Para Paul esto no es más que un problema, en el ensayo aboga por tener tan poco como sea posible. Pero no te confundas, ¡Paul es rico! No es una persona pobre quien habla.

Como respuesta a este ensayo han surgido muchos post en weblogs como réplica, me ha llamado la atención el post de Martt Maroon que viene a decir que tener tantas cosas es algo saludable, ¡incluso normal! En su post «In defense of stuff» dice que el comprar cacharros es lo que le hace levantarse cada mañana para ponerse a trabajar, para hacer web tras web en busca de conseguir un poco más de dinero.

Sinceramente no se como posicionarme. Las personas caóticas suelen ser poco ordenadas y tener gran cantidad de cosas que en muchas ocasiones nunca usan.

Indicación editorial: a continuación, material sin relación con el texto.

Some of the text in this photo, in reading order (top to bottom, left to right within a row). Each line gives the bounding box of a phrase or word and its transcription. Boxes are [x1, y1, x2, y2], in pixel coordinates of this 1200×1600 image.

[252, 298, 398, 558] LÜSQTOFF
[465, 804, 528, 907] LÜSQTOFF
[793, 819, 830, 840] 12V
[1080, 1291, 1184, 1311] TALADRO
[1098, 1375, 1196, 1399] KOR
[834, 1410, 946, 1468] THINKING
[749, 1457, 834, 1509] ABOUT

Yo soy un fanático de la compra de libros. Compro muchos libros, más o menos uno o dos por semana. Algunos los leo, otros los leo a medias y otros pueden pasar meses en mis estanterías cogiendo polvo. Pero aún así no me deshago de ellos, porque en numerosas ocasiones una idea o un pensamiento que ha surgido en mi cabeza leyendo uno de esos libros se ha convertido en una cantidad de dinero superior a la del valor del libro.

30 € invertidos en un libro que te permite resolver un problema cotidiano es el precio más barato que he encontrado jamás. El otro recurso que empleo en esos libros, y que es más valioso que el dinero, es el tiempo y de nuevo consiguo ahorrar tiempo gracias a ideas que han surgido de esos libros.

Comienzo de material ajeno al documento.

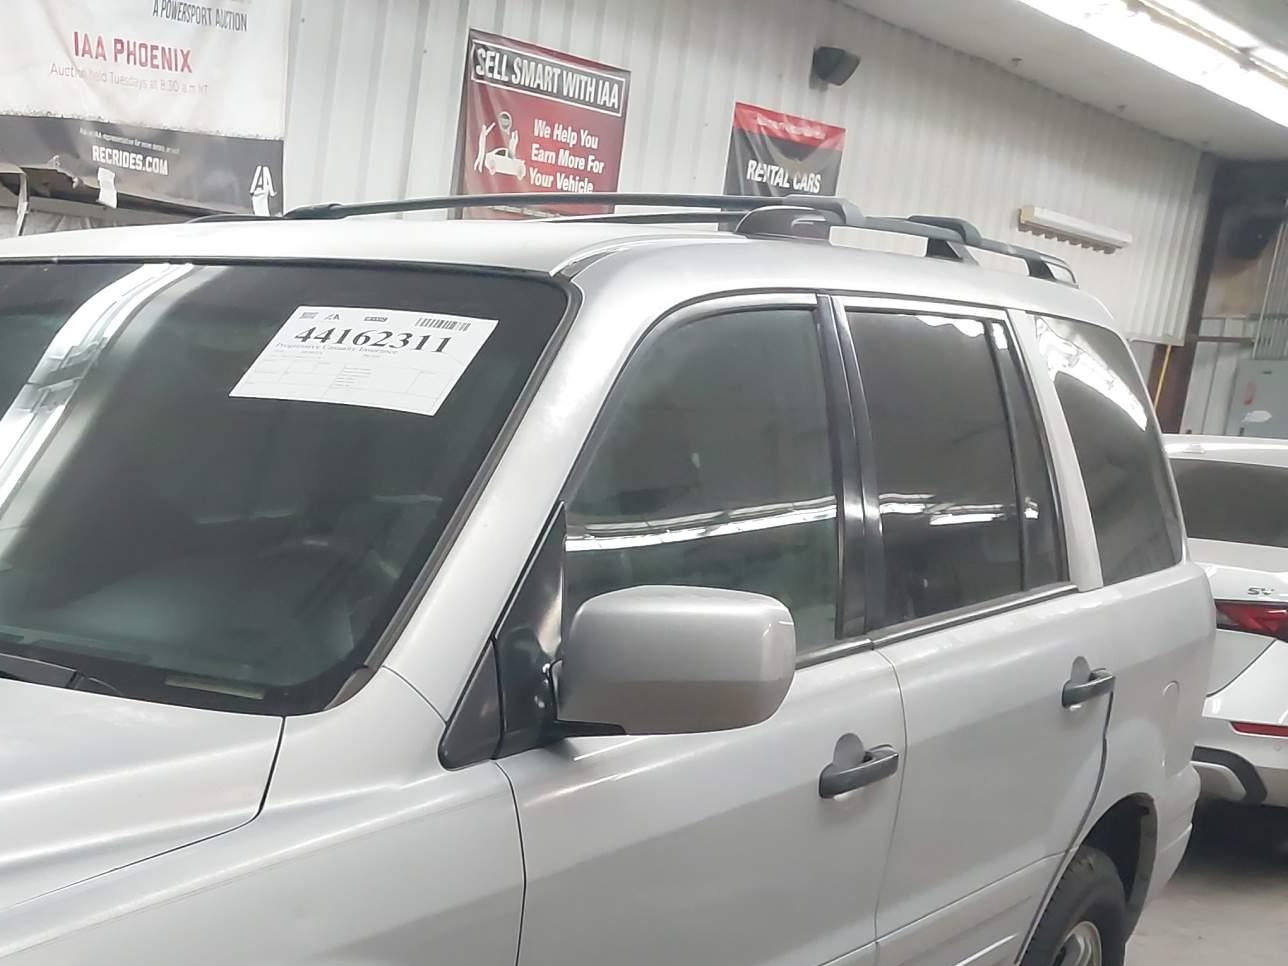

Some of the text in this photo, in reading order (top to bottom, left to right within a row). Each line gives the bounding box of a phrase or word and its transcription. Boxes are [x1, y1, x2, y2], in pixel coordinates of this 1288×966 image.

[153, 0, 248, 32] A POWERSPORT AUCTION
[74, 31, 192, 74] IAA PHOENIX
[476, 48, 619, 109] SELL SMART WITH IAA
[534, 119, 599, 149] We Help You
[92, 145, 168, 175] RECRIDES.COM
[531, 143, 605, 174] Earn More For
[529, 167, 594, 193] Your Vehicle
[746, 160, 822, 193] RENTAL CARS
[294, 326, 452, 354] 44162311

¿Debería deshacerme de toda mi «stuff»? ¡Jamás! entre otras cosas porque forma parte de mí, necesito esos libros. ¿Es materialismo? No lo creo, es como decir que aprender y conservar tus apuntes es materialismo. Jamás he escuchado a nadie decir que tener demasiados libros es ser materialista.

¿Por qué nadie dice que sea materialismo tener demasiados libros? Es otra de esas hipocresías de nuestra sociedad. Es materialismo tener un Ferrari e ir por ahí fardando pero no lo es tener una biblioteca con 1000 libros y decirlo.

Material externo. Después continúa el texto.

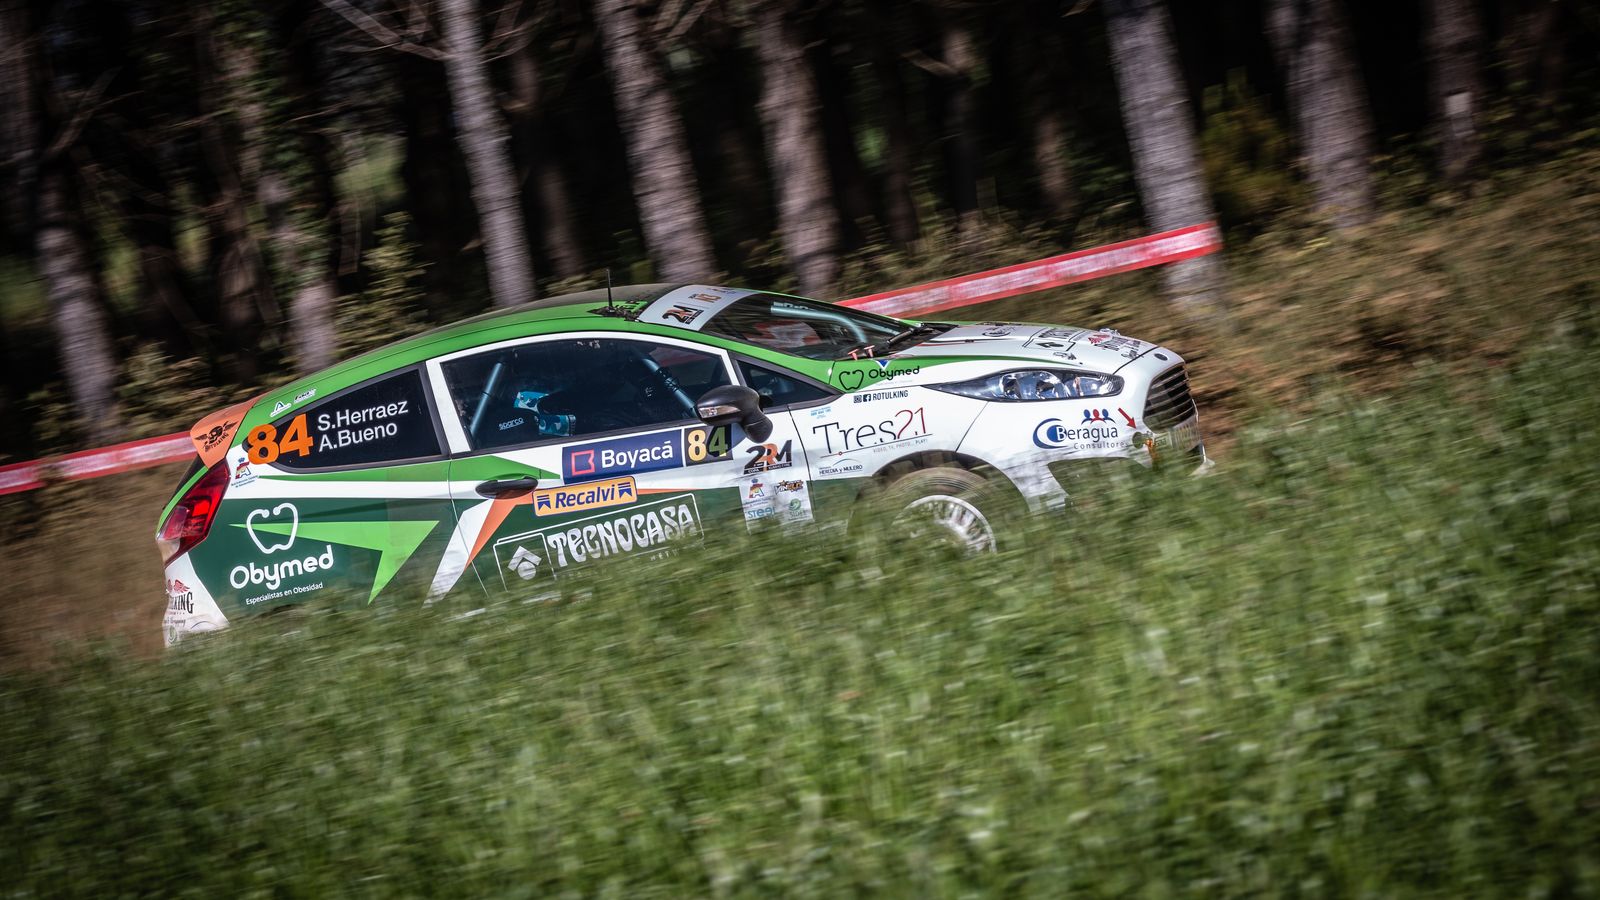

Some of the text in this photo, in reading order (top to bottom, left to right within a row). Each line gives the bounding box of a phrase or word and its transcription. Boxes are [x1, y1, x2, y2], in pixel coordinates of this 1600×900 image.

[868, 365, 920, 380] Obymed
[873, 390, 909, 401] ROTULKING
[317, 400, 408, 431] S.Herraez
[247, 413, 314, 465] 84
[318, 422, 398, 452] A.Bueno
[687, 425, 729, 462] 84
[601, 440, 674, 469] Boyacá
[555, 485, 615, 509] Recalvi
[547, 504, 698, 568] TECNOCASA
[229, 544, 334, 590] Obymed
[245, 582, 324, 605] Especialistas en Obesidad
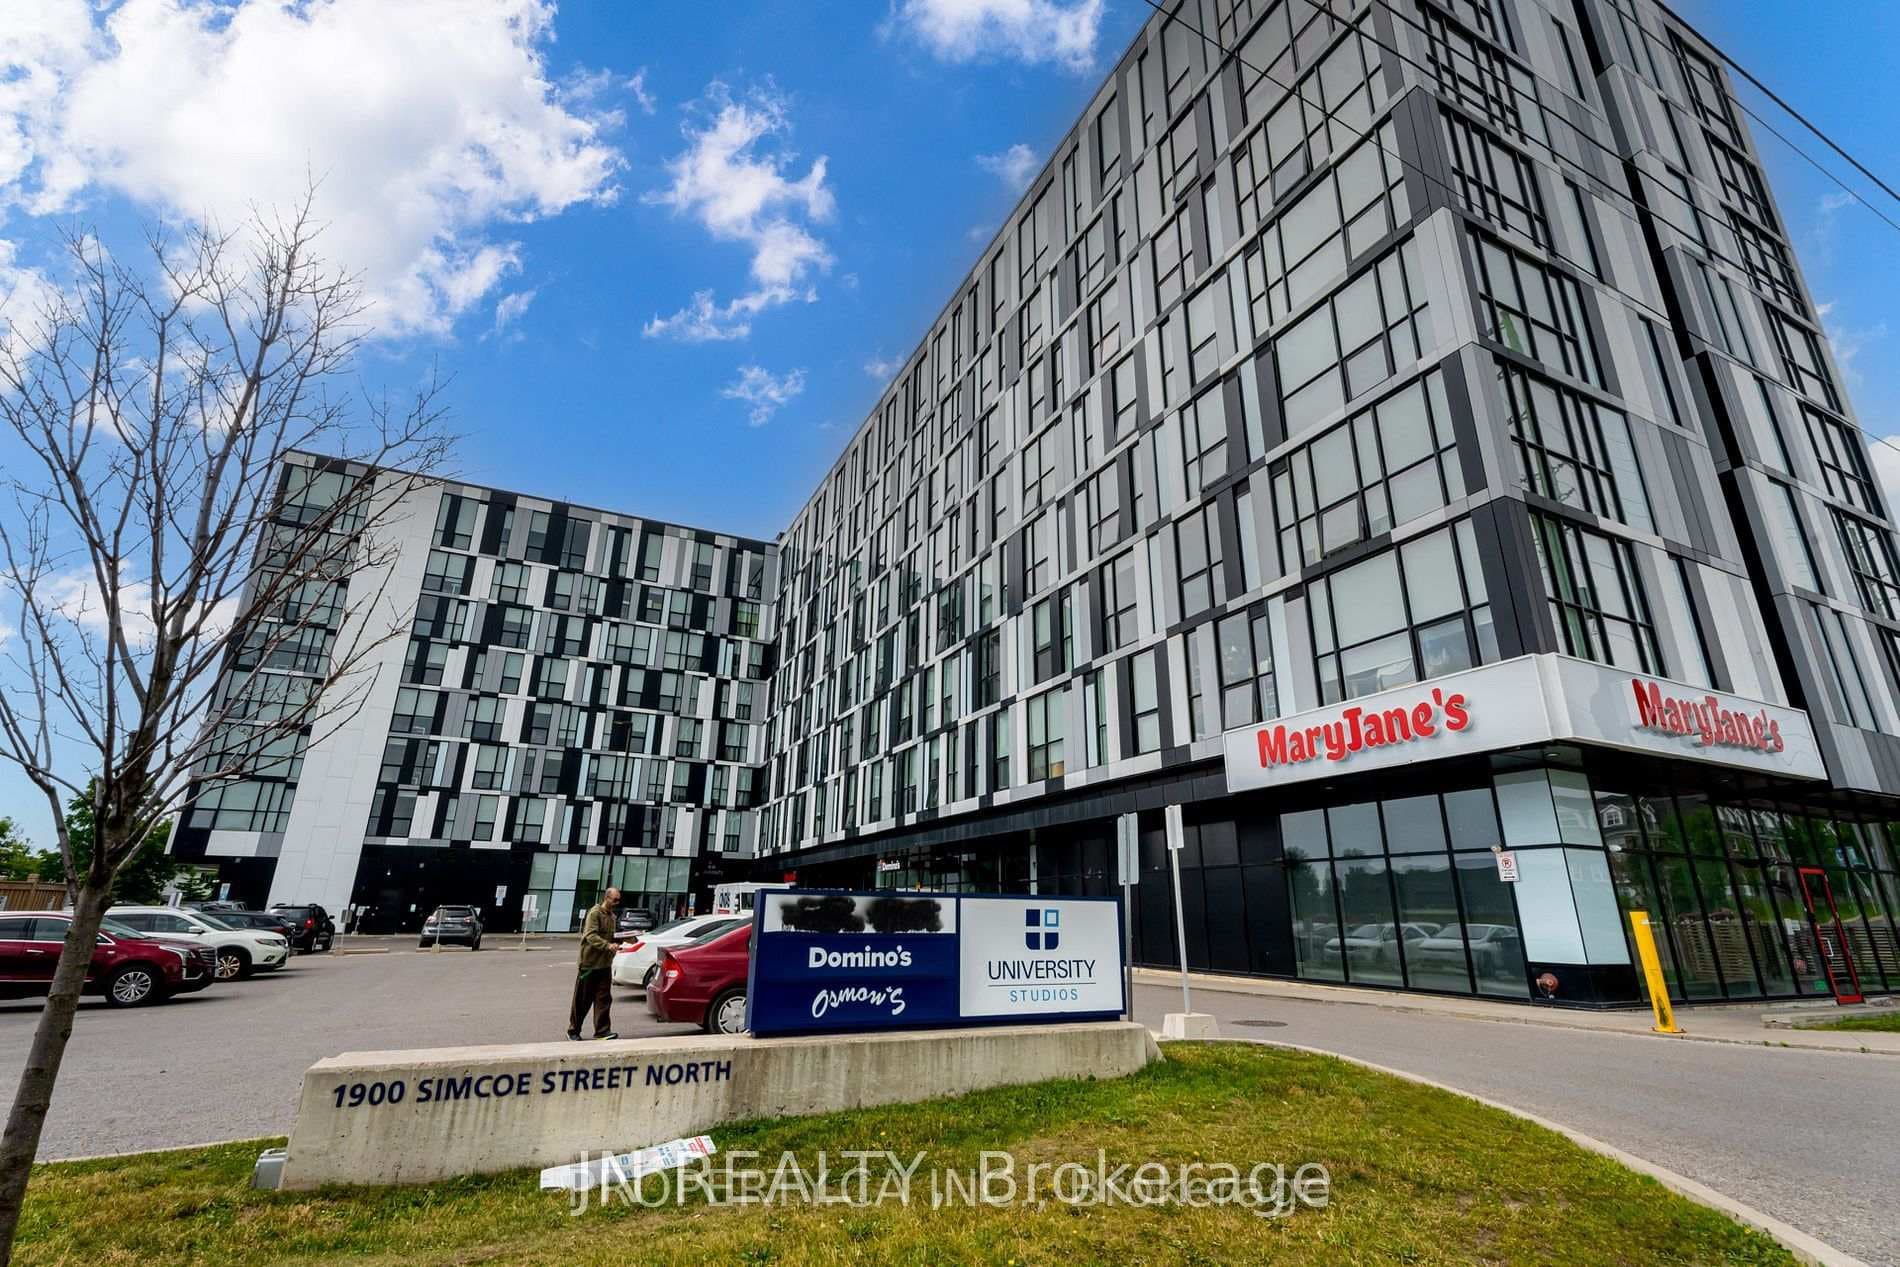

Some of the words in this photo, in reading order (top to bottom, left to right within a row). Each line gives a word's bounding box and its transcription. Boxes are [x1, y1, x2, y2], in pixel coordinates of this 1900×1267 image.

[1256, 687, 1470, 769] MaryJane's
[1632, 678, 1785, 753] MaryJane's
[808, 945, 912, 968] Domino's
[988, 959, 1096, 980] UNIVERSITY
[1009, 989, 1079, 1003] STUDIOS
[331, 1080, 406, 1108] 1900
[415, 1073, 532, 1104] SIMCOE
[541, 1066, 638, 1095] STREET
[645, 1061, 732, 1087] NORTH

Esto nos lleva por un derrotero en el que no había pensado cuando comencé a escribir este ensayo. ¿Qué es el materialismo? Al parecer el materialismo no tiene que ver con los objetos sino con quien los posee. Tener Ferraris es malo, tener libros o cuadros no es malo. ¿Es la persona la que encarna el materialismo? ¿Cómo decidimos quien es materialista?